Emanuel’s suggested that state regulators aren’t doing enough to monitor premium increases, but that explanation doesn’t account for the fact that federal regulators must also sign off on premium increases.

“Now, insurance companies are required to justify rate increases of 10 percent or higher,” Health and Human Services Secretary Kathleen Sebelius said in a statement in May.  “It’s time for these companies to immediately rescind these unreasonable rate hikes, issue refunds to consumers or publicly explain their refusal to do so.”

Emanuel added that it’s not merely a problem of greedy insurance companies and lazy regulators. “The second reason is that it’s for a segment which is more risky — small businesses and individuals — not for big employers, where the pricing is a little smoother,” he said.

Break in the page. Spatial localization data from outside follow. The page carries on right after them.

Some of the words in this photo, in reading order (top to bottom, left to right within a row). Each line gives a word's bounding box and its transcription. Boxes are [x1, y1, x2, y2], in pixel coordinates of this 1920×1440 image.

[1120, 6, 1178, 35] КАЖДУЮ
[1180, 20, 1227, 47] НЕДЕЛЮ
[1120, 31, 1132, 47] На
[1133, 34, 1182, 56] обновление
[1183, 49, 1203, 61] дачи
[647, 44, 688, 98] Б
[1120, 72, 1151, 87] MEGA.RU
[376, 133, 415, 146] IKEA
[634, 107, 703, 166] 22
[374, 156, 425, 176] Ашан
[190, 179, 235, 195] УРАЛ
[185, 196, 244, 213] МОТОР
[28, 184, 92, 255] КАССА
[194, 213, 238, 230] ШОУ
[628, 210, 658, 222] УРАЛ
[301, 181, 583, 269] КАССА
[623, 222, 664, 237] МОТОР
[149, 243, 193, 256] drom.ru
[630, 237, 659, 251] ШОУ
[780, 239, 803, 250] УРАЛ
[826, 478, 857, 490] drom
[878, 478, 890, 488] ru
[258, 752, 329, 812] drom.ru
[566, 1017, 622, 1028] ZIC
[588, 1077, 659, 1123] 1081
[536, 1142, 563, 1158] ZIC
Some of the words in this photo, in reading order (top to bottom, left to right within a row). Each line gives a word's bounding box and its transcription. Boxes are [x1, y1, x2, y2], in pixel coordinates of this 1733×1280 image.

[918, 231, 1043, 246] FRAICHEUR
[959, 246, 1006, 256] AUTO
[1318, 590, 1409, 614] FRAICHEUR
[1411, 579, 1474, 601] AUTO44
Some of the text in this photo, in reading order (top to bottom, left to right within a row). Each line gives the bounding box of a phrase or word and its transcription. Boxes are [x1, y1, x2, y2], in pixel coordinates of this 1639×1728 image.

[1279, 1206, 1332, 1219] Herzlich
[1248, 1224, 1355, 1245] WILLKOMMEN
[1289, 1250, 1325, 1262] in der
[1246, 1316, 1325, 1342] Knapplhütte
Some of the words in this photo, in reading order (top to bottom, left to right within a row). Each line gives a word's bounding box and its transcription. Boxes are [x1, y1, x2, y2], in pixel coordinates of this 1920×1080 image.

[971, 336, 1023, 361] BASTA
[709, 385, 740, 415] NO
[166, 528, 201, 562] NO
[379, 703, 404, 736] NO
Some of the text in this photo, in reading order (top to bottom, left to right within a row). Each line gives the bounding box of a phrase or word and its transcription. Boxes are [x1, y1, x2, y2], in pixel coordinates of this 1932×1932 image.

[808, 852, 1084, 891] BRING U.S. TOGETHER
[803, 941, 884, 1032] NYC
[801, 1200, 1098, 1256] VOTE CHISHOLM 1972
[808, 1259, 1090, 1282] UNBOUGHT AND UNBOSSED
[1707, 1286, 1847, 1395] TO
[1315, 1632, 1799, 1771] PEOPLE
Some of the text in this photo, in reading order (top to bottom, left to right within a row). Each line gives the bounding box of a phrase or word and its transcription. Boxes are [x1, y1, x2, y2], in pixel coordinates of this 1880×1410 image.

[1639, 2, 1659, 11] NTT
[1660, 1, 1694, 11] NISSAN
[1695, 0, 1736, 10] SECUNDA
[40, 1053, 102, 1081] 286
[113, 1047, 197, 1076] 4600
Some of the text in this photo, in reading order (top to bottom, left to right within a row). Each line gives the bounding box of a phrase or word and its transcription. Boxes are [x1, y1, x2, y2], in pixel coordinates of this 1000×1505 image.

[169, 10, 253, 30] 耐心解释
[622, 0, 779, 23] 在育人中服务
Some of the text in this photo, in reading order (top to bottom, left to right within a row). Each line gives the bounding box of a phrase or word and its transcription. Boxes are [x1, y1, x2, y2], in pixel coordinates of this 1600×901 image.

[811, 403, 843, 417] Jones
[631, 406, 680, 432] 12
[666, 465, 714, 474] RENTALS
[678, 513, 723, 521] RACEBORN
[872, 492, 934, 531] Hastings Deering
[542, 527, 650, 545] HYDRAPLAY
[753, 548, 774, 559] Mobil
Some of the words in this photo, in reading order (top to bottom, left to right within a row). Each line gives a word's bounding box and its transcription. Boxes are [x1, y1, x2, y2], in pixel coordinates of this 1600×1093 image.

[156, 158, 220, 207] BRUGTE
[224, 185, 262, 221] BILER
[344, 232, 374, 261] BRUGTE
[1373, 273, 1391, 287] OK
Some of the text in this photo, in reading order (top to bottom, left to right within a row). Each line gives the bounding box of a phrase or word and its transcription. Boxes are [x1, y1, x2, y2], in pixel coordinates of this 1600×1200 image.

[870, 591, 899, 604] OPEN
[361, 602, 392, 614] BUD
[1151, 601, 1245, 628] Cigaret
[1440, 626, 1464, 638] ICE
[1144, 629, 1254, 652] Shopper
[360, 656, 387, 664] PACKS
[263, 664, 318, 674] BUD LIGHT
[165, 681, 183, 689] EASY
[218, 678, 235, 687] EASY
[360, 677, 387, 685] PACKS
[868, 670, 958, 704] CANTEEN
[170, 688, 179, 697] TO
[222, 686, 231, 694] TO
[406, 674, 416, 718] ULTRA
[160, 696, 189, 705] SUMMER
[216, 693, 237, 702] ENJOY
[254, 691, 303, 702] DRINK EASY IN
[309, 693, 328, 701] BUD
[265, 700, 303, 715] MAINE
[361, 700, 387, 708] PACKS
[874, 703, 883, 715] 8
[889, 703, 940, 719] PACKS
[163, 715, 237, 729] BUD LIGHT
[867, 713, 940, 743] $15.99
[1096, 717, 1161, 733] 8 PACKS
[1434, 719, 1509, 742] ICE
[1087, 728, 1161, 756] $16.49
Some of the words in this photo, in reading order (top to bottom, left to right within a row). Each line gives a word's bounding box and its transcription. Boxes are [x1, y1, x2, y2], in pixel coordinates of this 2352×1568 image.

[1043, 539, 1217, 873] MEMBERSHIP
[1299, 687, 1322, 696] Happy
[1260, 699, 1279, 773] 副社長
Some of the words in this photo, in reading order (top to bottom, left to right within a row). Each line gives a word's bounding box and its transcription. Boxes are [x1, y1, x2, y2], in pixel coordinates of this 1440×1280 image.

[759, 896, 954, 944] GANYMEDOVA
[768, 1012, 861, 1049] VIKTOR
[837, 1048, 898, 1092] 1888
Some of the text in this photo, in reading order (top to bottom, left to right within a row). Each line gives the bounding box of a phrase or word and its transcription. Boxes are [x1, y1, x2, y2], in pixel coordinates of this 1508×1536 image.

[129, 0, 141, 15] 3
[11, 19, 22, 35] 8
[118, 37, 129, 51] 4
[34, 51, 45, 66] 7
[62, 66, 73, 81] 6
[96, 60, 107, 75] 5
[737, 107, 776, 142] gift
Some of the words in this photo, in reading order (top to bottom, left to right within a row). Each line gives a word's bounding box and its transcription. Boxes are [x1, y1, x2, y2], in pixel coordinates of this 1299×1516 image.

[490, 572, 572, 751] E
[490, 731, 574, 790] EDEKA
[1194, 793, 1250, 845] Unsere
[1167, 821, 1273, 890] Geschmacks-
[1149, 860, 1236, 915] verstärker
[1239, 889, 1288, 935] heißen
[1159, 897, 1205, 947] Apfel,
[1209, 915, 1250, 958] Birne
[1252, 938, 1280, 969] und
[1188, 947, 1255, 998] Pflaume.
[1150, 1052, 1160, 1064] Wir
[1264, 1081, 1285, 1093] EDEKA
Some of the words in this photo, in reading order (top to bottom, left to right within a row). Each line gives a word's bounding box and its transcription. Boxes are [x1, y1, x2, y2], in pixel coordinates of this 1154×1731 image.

Forbes’ Avik Roy notes a new actuarial study showing that Obamacare is driving up premiums. “Our core finding is that young, single adults aged 21 to 29 and with incomes beginning at about 225 percent of the FPL, or roughly $25,000, can expect to see higher premiums than would be the case absent the ACA, even after accounting for the presence of the premium assistance,” Kurt Giesa and Chris Carlson wrote in the latest issue of Contingencies, the American Academy of Actuaries’ bimonthly magazine.

Giesa and Carlson also found that Obamacare “may increase premiums by roughly 17 percent to 20 percent for those who have preferred rates because of lower-than-average health risks” — that is, young people.

Contrary to what Emanuel said,that rate increase for young people will be exacerbated by the health insurance exchanges set to begin operating in 2014.

“I have always said when looking at this bill, that if I were a young person, I can see elements of this bill that I wouldn’t like in the short run,” Henry Aaron, vice chairman of the D.C. Health Benefits Exchange Authority, which is setting up the federal exchange in D.C., told The Washington Examiner as he confirmed that premiums for younger, healthier people will rise because of the law.